My mother had an abortion back in the 1950’s because her Dr. said it was not “developing in the right place.” (perhaps a tubal pregnancy?)
Back in the early 1980’s, I was undergoing some training at Primary Children’s Hospital in Salt Lake. I witnessed a couple whose baby was born with Trisomy 18, say goodbye to their baby, rather than pursue medical intervention, because it was likely to not survive very long.
2 Georgis, If you are concerned about abortions being safe, look up the global gag rule. When a republican moves into the whitehouse invokes the global gag rule which ties aid to the third world to abortion. Trump increased the aid that was included. So health workers in an African country talking to a woman about family planning can not tell the woman to go to hospital if she wants an abortion. That would be seen as promoting abortion, and stop funding from America and so no birth control, and unsafe abortions by traditional means. Consequence 2 million extra abortions, most unsafe, over 20,000 maternal deaths, and 90,000 more children born with aids and no treatment.

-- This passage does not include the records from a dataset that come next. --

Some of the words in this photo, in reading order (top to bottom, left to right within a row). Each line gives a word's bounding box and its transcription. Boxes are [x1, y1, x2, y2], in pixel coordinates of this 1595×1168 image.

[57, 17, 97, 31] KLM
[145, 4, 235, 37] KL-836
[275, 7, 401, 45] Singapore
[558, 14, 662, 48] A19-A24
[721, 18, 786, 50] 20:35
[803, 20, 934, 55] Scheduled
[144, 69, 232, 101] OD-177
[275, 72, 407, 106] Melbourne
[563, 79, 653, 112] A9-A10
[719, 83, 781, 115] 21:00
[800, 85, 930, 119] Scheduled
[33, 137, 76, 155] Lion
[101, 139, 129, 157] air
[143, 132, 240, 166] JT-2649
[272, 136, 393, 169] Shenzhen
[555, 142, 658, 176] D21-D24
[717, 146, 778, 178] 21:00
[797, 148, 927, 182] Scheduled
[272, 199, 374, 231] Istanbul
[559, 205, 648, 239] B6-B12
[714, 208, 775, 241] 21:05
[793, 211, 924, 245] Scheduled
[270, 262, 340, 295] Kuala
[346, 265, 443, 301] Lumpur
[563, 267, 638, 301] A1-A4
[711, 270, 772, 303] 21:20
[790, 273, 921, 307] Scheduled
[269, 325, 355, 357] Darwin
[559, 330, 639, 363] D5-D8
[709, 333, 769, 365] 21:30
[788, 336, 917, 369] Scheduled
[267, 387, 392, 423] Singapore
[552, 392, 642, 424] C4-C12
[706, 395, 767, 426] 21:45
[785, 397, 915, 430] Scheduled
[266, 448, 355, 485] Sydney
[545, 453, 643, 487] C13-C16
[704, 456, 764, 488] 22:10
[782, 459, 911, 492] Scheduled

Democrats do not impose the gag, but there would be lots of family health workers in the third world looking to see who wins the US election, because if Trump wins they will be unemployed and the women they help abandoned to traditional life/death.
Geoff – Aus, I said nothing about Trump, Republicans, or anything political, so no need to go on an anti-Trump rant to me. Someone said something to the effect that Government should in no way regulate abortions, and I simply posited that Government regulates medical care all the time, or at least I think they do, for patient safety, and I’m in favor of regulations that make abortion safe, as with other medical procedures. I wasn’t promoting any abortion or ant-abortion strategy for Africa. Trump is not the center of all of my thoughts, and I don’t bring everything back to him, pro or con.
In the current environment, might someone reasonably believe that something identified as “for patient safety” is actually a subterfuge [n., deceit used in order to achieve one’s goal]?
Isn’t it like website tracking “to enhance your user experience”?
Yeah, in the current environment re: abortion, I am not certain that that “for patient safety” really always means for patient safety. That said, yes, I would generally be supportive of regulations that really and honestly were actually for patient safety.
The MP-approval rule for baptizing women who have had abortions is not new. In 1978, I (a DL) interviewed a woman who had been in a long-term affair with a married man. It took me two hours before I felt good about signing off on that baptism. But I got so wrapped up in the affair aspect that I forgot to ask the abortion question. Worse, I was 90% certain that I would get the wrong answer, based on other comments she had made in my presence. So the next morning (the day of the scheduled baptism), I went back and asked the question. Sure enough, wrong answer. So I sprinted to the nearest phone, talked to the mission president, and got his approval to proceed with the baptism. He declined to interview her. (After he returned home, the MP introduced anti-abortion bills as a Utah state legislator, so there’s that.)
Georgis,I had the impression that rant was a very different beast. Or is that just a way to discredit someone, without addressing their facts. Do you dispute the facts?